■ Task item ■
Only the lines from the one containing "this 1280×1710 image." through the end of the data below should be copied, each exactly as written and with both ends kept.

────────────────────────────────────────

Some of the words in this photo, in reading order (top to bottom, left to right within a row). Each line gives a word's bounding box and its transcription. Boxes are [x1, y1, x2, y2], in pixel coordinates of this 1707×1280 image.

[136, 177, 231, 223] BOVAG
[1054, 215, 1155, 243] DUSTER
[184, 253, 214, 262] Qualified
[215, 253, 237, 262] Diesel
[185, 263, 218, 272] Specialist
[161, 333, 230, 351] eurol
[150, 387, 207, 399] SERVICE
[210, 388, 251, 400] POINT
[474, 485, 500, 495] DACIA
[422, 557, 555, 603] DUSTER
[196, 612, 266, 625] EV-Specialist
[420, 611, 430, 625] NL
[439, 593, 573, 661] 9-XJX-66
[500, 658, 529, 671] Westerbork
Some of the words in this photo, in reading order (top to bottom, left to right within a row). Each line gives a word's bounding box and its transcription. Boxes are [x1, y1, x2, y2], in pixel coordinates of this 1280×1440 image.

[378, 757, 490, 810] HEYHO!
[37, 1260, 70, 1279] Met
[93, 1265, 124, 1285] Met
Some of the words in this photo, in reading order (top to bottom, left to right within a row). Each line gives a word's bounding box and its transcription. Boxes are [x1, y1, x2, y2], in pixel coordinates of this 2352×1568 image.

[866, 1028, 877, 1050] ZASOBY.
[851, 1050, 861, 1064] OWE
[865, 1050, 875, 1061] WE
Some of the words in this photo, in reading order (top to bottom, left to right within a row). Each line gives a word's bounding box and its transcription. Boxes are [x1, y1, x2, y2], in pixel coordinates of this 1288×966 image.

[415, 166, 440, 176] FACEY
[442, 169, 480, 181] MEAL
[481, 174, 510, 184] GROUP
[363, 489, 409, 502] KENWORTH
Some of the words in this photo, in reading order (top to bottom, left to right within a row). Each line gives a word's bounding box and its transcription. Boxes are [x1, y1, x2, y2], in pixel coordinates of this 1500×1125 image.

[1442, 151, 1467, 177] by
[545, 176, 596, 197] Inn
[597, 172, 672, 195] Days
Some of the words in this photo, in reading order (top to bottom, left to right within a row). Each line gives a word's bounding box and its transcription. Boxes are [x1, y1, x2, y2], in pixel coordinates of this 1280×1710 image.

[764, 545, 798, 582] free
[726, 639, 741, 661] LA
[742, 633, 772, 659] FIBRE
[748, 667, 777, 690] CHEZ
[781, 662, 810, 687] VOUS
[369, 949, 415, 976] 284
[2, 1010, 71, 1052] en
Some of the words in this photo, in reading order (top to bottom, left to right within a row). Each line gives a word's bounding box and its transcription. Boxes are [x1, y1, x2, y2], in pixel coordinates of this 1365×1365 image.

────────────────────────────────────────

■ Task result ■
Some of the words in this photo, in reading order (top to bottom, left to right within a row). Each line gives a word's bounding box and its transcription. Boxes are [x1, y1, x2, y2], in pixel coordinates of this 1280×1710 image.

[764, 545, 798, 582] free
[726, 639, 741, 661] LA
[742, 633, 772, 659] FIBRE
[748, 667, 777, 690] CHEZ
[781, 662, 810, 687] VOUS
[369, 949, 415, 976] 284
[2, 1010, 71, 1052] en
Some of the words in this photo, in reading order (top to bottom, left to right within a row). Each line gives a word's bounding box and its transcription. Boxes are [x1, y1, x2, y2], in pixel coordinates of this 1365×1365 image.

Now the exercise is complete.